▶ [Exercise description]
The records sit below this line. Repeat all of them exactly.

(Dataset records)
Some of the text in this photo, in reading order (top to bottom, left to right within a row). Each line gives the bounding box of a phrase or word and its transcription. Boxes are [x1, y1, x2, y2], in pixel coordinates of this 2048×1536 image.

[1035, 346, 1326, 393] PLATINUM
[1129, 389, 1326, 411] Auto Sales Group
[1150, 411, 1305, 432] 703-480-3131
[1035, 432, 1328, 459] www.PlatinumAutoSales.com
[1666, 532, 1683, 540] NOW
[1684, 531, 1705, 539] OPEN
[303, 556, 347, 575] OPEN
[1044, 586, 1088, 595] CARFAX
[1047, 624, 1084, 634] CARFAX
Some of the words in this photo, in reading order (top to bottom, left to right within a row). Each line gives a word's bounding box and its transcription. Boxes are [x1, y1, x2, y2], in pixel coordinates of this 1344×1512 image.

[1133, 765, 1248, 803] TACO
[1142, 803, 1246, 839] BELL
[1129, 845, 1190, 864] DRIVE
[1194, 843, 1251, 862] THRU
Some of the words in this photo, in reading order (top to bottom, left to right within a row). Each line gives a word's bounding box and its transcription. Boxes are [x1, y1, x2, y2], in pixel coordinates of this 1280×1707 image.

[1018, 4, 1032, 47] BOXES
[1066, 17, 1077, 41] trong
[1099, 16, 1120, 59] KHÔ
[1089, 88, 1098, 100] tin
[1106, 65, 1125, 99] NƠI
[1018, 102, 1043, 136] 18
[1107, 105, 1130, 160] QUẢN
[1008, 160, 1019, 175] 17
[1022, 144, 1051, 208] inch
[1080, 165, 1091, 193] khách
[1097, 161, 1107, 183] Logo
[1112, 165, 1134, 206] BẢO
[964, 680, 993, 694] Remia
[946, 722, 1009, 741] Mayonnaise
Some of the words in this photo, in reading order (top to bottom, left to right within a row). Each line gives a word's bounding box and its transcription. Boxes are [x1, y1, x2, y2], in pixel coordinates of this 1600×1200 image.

▶ [Reply to the exercise]
Some of the text in this photo, in reading order (top to bottom, left to right within a row). Each line gives the bounding box of a phrase or word and its transcription. Boxes are [x1, y1, x2, y2], in pixel coordinates of this 2048×1536 image.

[1035, 346, 1326, 393] PLATINUM
[1129, 389, 1326, 411] Auto Sales Group
[1150, 411, 1305, 432] 703-480-3131
[1035, 432, 1328, 459] www.PlatinumAutoSales.com
[1666, 532, 1683, 540] NOW
[1684, 531, 1705, 539] OPEN
[303, 556, 347, 575] OPEN
[1044, 586, 1088, 595] CARFAX
[1047, 624, 1084, 634] CARFAX
Some of the words in this photo, in reading order (top to bottom, left to right within a row). Each line gives a word's bounding box and its transcription. Boxes are [x1, y1, x2, y2], in pixel coordinates of this 1344×1512 image.

[1133, 765, 1248, 803] TACO
[1142, 803, 1246, 839] BELL
[1129, 845, 1190, 864] DRIVE
[1194, 843, 1251, 862] THRU
Some of the words in this photo, in reading order (top to bottom, left to right within a row). Each line gives a word's bounding box and its transcription. Boxes are [x1, y1, x2, y2], in pixel coordinates of this 1280×1707 image.

[1018, 4, 1032, 47] BOXES
[1066, 17, 1077, 41] trong
[1099, 16, 1120, 59] KHÔ
[1089, 88, 1098, 100] tin
[1106, 65, 1125, 99] NƠI
[1018, 102, 1043, 136] 18
[1107, 105, 1130, 160] QUẢN
[1008, 160, 1019, 175] 17
[1022, 144, 1051, 208] inch
[1080, 165, 1091, 193] khách
[1097, 161, 1107, 183] Logo
[1112, 165, 1134, 206] BẢO
[964, 680, 993, 694] Remia
[946, 722, 1009, 741] Mayonnaise
Some of the words in this photo, in reading order (top to bottom, left to right within a row). Each line gives a word's bounding box and its transcription. Boxes are [x1, y1, x2, y2], in pixel coordinates of this 1600×1200 image.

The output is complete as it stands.